The recent disappearances of top Chinese generals, including the Defense Minister, raise questions about the ability of Xi Jinping to maintain your control over the People’s Liberation Army (EPL). These disappearances also expose the Chinese president’s reservations about the PLA operational capacity in times of crisis or conflict, which could have significant repercussions on regional security policy.
This is how he evaluated it Joel Wuthnowsenior researcher at the Institute for National Strategic Studies at the US National Defense University, in an article for Foreign Affairs which analyzed the implications of these disappearances and how they affect the perception of China’s military capability.
The disappearances began in August, when the commander-in-chief and political commissar of the Rocket Force, in charge of controlling intercontinental ballistic missiles (ICBM), were replaced by officers from the Navy and Air Force. This coincided with the circulation of rumors about corruption and sale of military secrets at the upper levels of that service, although no positions have been announced.
The purge continued in the following weeks with the dismissal of the head of the Chinese military court by the National Popular Assembly. Then, in September, observers noticed that the defense minister, Li Shangfuhad failed to attend several scheduled appearances, validating rumors that he was also being investigated for bribes in the procurement system. Li served as team leader from 2017 to 2022.
According to Wuthnow, the disappearances show the difficulty of controlling an institution with a high degree of autonomy like the EPL and fuel questions about the Xi’s ability to choose officials in key positions.
“Presumably, candidates for each of these roles would have been subjected to the most rigorous vetting possible and personally approved by Xi. “His failure to ensure compliance in these critical functions raises questions about his success in managing the military in general,” the analyst writes in the influential American publication.

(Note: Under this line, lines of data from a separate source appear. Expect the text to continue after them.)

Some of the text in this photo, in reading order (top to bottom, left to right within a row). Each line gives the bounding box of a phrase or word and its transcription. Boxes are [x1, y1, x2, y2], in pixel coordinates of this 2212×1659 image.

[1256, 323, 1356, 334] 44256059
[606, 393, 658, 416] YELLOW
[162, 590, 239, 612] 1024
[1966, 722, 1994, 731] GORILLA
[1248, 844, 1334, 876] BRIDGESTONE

The disappearances caused even more surprise because Xi is often portrayed as the most powerful head of the military chinese from Deng Xiaoping (in office since 1978 to 1989). The Chinese leader was elected president of the powerful Central Military Commission in 2012 and since then one of its main tasks was to eliminate corrupt senior officers or those of dubious political loyalty, Wuthnow recalls. Xi has also remained closely involved in military appointments, reportedly influencing promotions up to the rank of major general. His control over the army was therefore supposed to be solid.
On the contrary, “the disappearances suggest that Xi’s control over the PLA may be less complete than imagined,” according to Wuthnow.

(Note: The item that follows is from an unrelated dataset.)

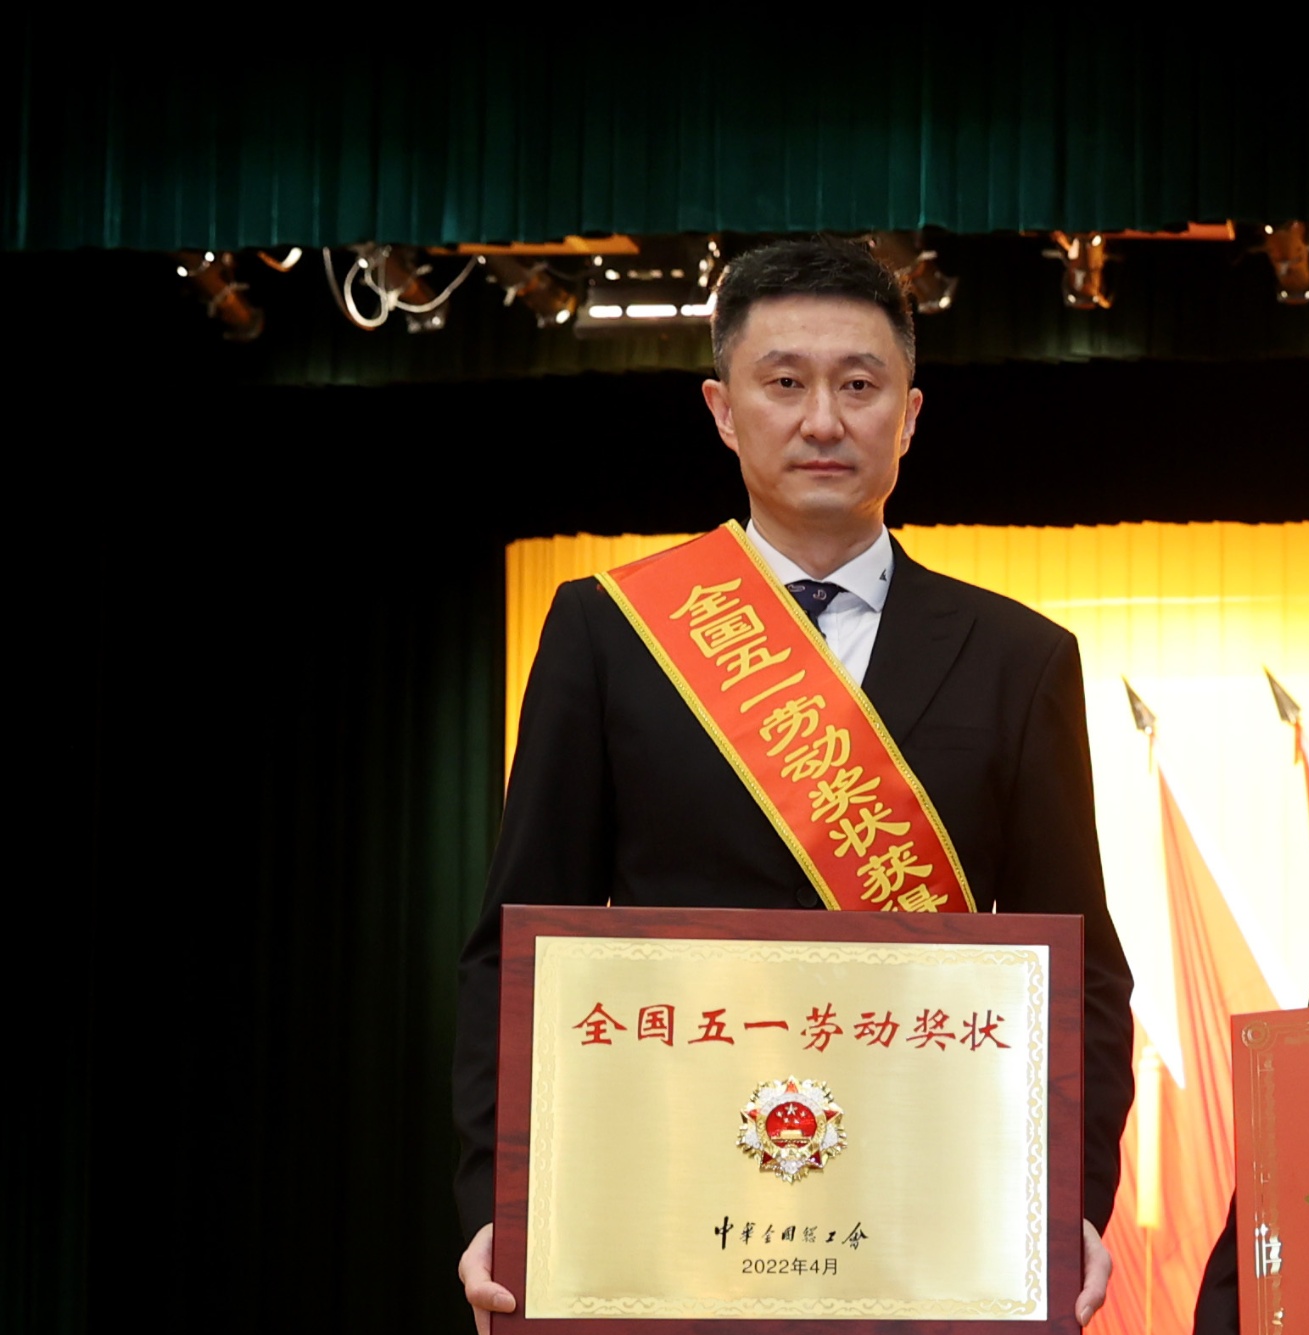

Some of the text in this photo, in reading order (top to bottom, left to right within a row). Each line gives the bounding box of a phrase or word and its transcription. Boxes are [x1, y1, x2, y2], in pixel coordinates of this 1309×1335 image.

[571, 1002, 1012, 1052] 全国五一劳动奖状
[742, 1257, 838, 1276] 2022年4月

The problem of lack of controls
Xi’s difficulties are also due to extensive autonomy of the EPLsomething that often ended up favoring cases of corruption.
“Unlike Western militaries, there are no external checks and balances, such as congressional oversight, an independent judiciary, or investigative journalists. Furthermore, with few exceptions, Xi did not incorporate close aides to the General Staff who had known him throughout his career, unlike the American system, in which presidents fill the bureaucracy with loyal political positions,” observes Wuthnow. .

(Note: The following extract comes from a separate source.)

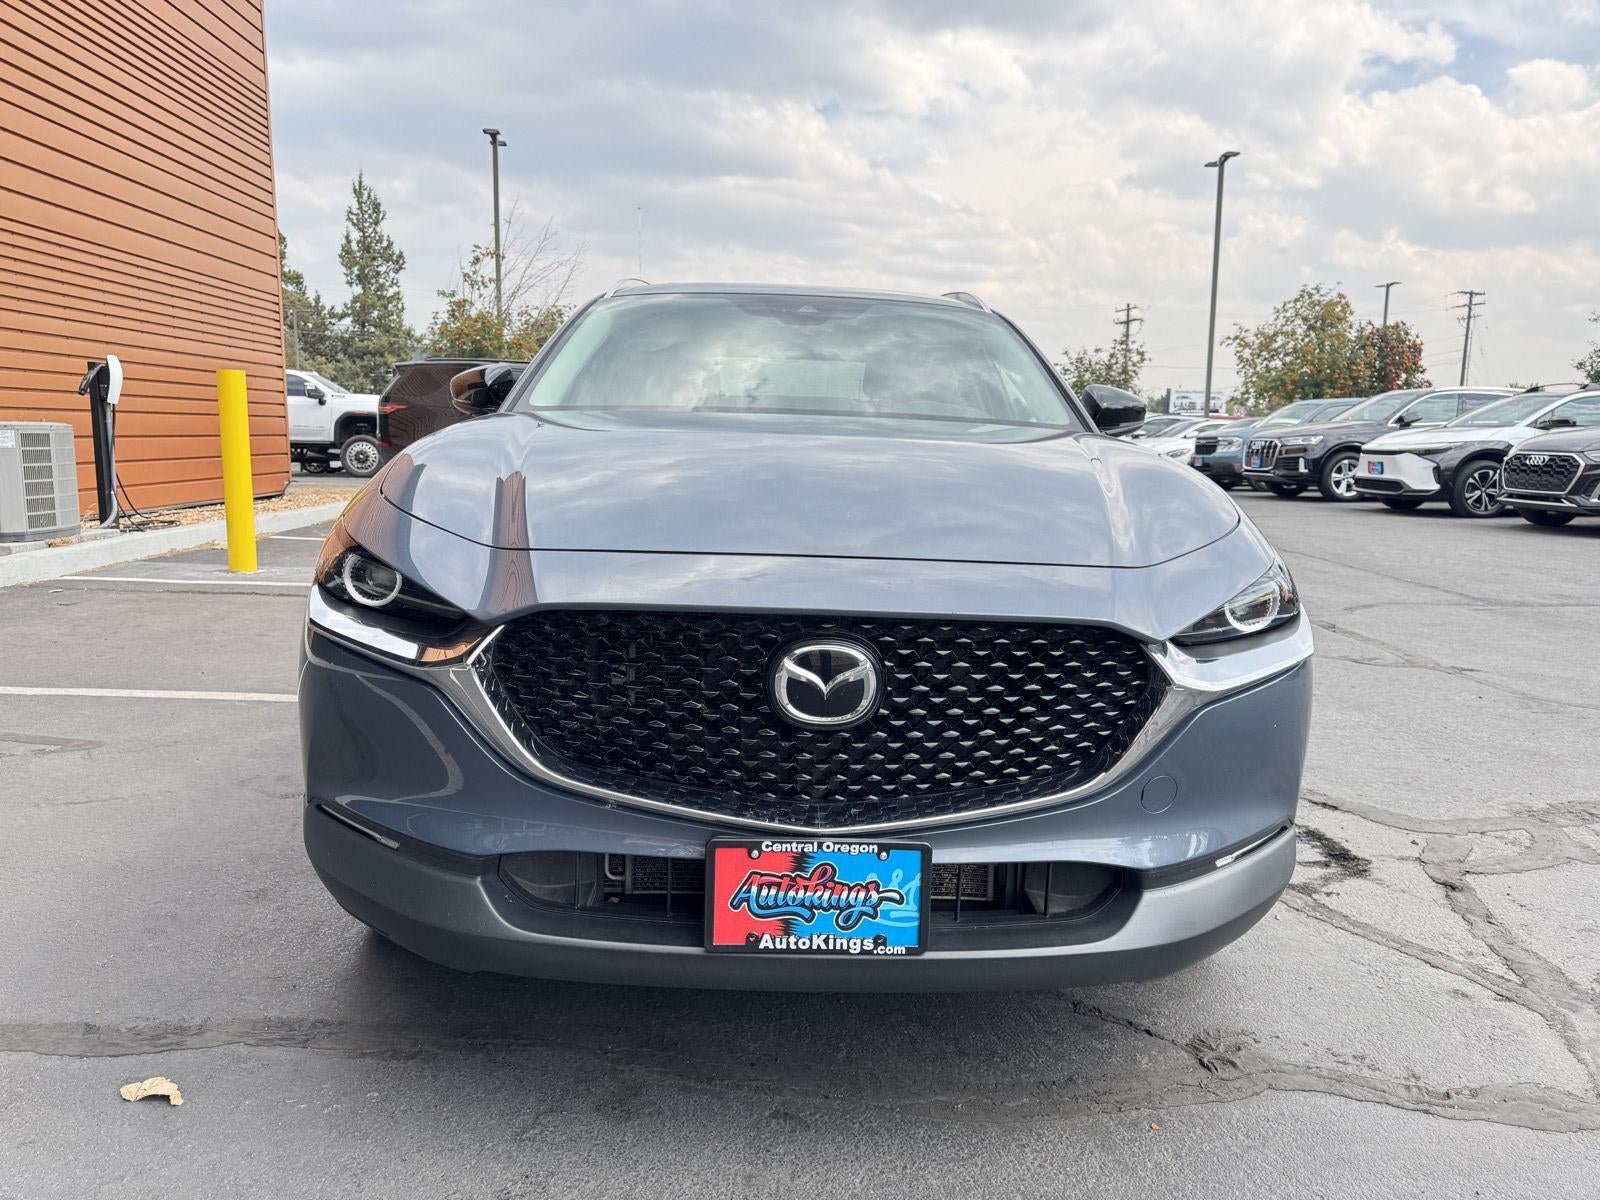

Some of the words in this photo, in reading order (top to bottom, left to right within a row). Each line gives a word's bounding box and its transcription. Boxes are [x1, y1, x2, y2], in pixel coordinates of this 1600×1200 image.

[761, 841, 817, 853] Central
[822, 842, 878, 855] Oregon
[759, 934, 906, 955] AutoKings.com

That autonomy continued to be guaranteed by Xi. In exchange, the Chinese leader obtained the support of the PLA to consolidate his power and carry out his ambitious plan to modernize and reorganize the armed forces, the largest since 1950 and which none of his predecessors had achieved.
“Xi was able to carry out those reforms because he gained support from the military leadership and allowed the PLA to remain largely free of external oversight,” Wuthnow writes.
Added to this were the continued increases in military budgetswhich from 2012 to 2022 more than doubled, going from 106 billion to 230 billion dollars.
The rain of money and the lack of controls placed officials such as the leaders of the Rocket Force and responsible for the purchase of equipment, such as Li Shangfu, in a position to benefit. “They had the means, the motives and the opportunity to line their pockets, despite Xi’s rhetoric about fighting corruption and professionalization,” according to Wuthnow.
The lack of trust in some of the PLA’s top leadership also raises new questions, both for outside observers and for Xi and other civilians in the CCP Politburo Standing Committee, about the degree of corruption that continues to exist in the procurement system and about what else the military may be hiding in terms of spending and operations.
For example, civilian officials might have valid reasons to suspect that the PLA may even be hiding defects in critical equipment acquired in the last decade, affecting civilian elite perceptions of the capability and reliability of these forces in a conflict.
“They would have to ask themselves What could go wrong if the PLA is asked to go beyond symbolic displays of power, such as sending fighter jets near Taiwan, and into real conflict against a capable adversary. Such concerns should inform the decisions Xi and the Politburo Standing Committee make about whether to enter into conflict with USA and Taiwan in the first place,” Wuthnow writes.
These doubts could weigh on Xi’s calculations about the risks of starting a conflict, making him less certain that a decision to use force would achieve the intended results. Thus, according to Wuthnow, Xi’s lack of confidence in his general ability could paradoxically have a positive effect: be a deterrent to war.